About Sjogren’s Syndrome

Sjogren’s syndrome is a disease that occurs in the moisture-producing glands. These glands include the salivary glands as well as the tear glands. There is an infiltration of these glands with the white blood cells. These cells are an essential part of the body’s immune system. The glands are affected and less moisture is produced.  This leads to the dryness of mouth and eyes.

In some cases infiltration of internal organs such as the nervous system, kidneys and the lungs is also seen. Sometimes the intestines and liver are also infiltrated. Because of this, multiple organs are affected. A wide variety of symptoms can be caused.

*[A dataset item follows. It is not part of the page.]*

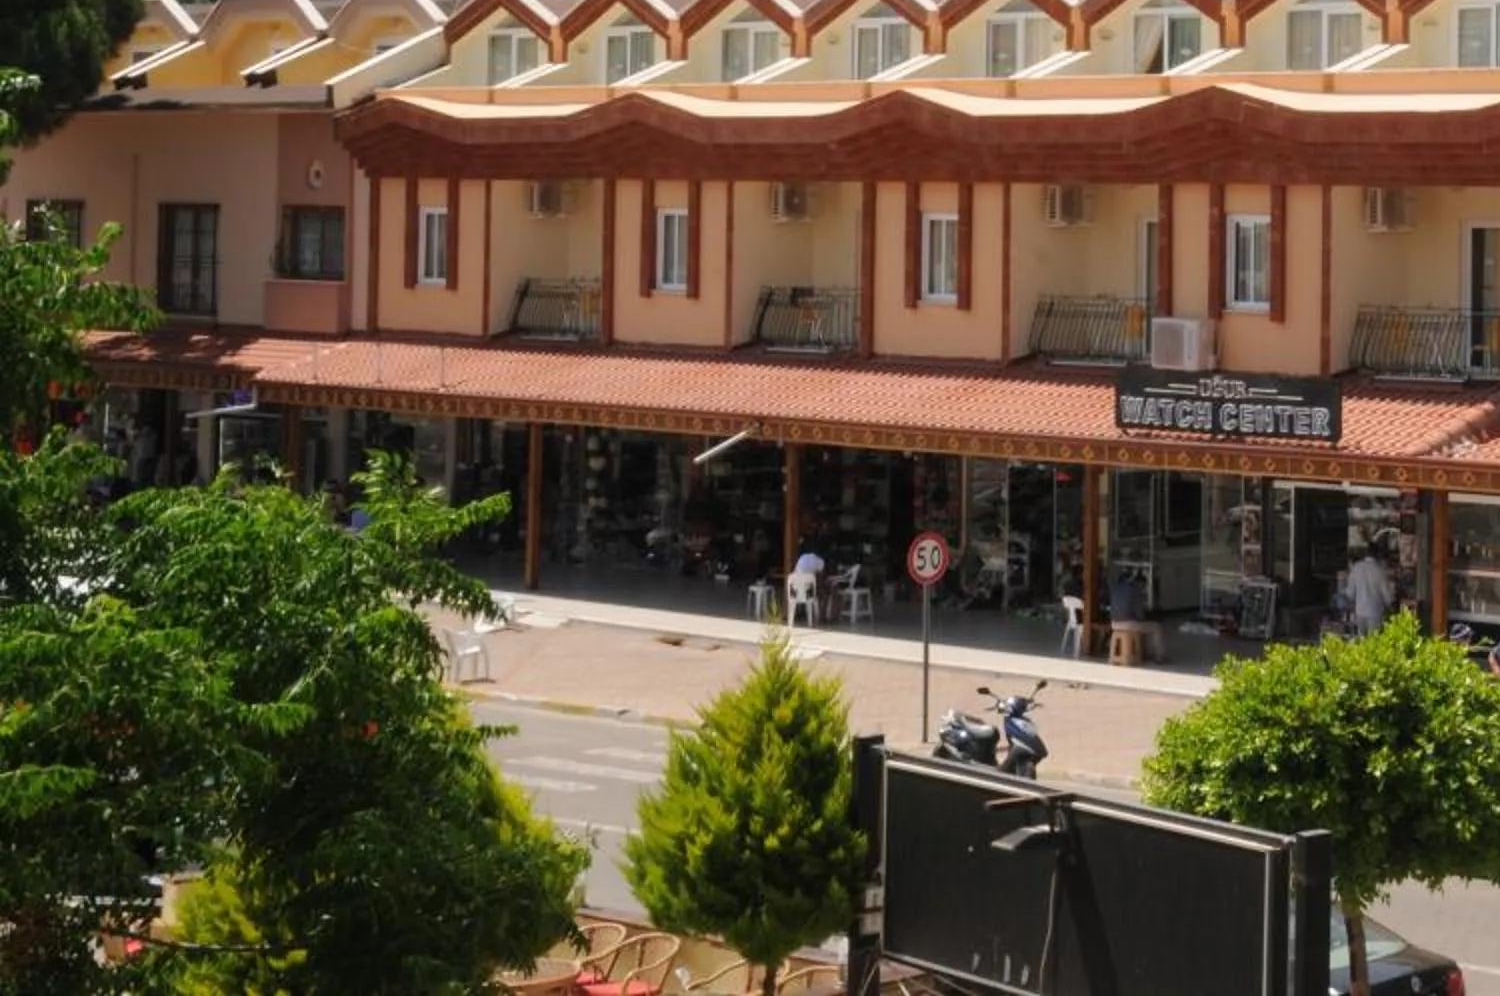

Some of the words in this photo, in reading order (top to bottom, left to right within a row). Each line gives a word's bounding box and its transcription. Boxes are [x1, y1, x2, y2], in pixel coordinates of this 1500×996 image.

[1119, 395, 1213, 430] WATCH
[1219, 401, 1331, 436] CENTER
[917, 546, 940, 572] 50

The occurrence of sjogren’s syndrome is seen in people who have suffered from rheumatic disorders such as systemic lupus erythematosus, rheumatoid arthritis and scleroderma. This is also known as secondary sjogren’s syndrome. When the occurrence of this syndrome is without any rheumatic disorder, it is known as primary sjogren’s syndrome.

About 3 percent of the population is affected by this syndrome. The condition  has a presence throughout the world and in all ethnic groups. Anyone can be struck with this disorder. However, elderly women and middle-aged women are more likely to be affected.

The exact cause of sjogren’s syndrome is not known. An auto immune response is given by the moisture producing glands. Thus the cells of the body are mistakenly attacked by the immune system. The gland can be damaged by the infiltration by lymphocytes. What causes it is not yet known. But this is surely a combination of environmental factors as well as genetic factors.

The main symptoms of this syndrome are dry mouth and dry eyes. Dryness can be found in other areas as well. These include the skin, airways of lungs vagina and lungs.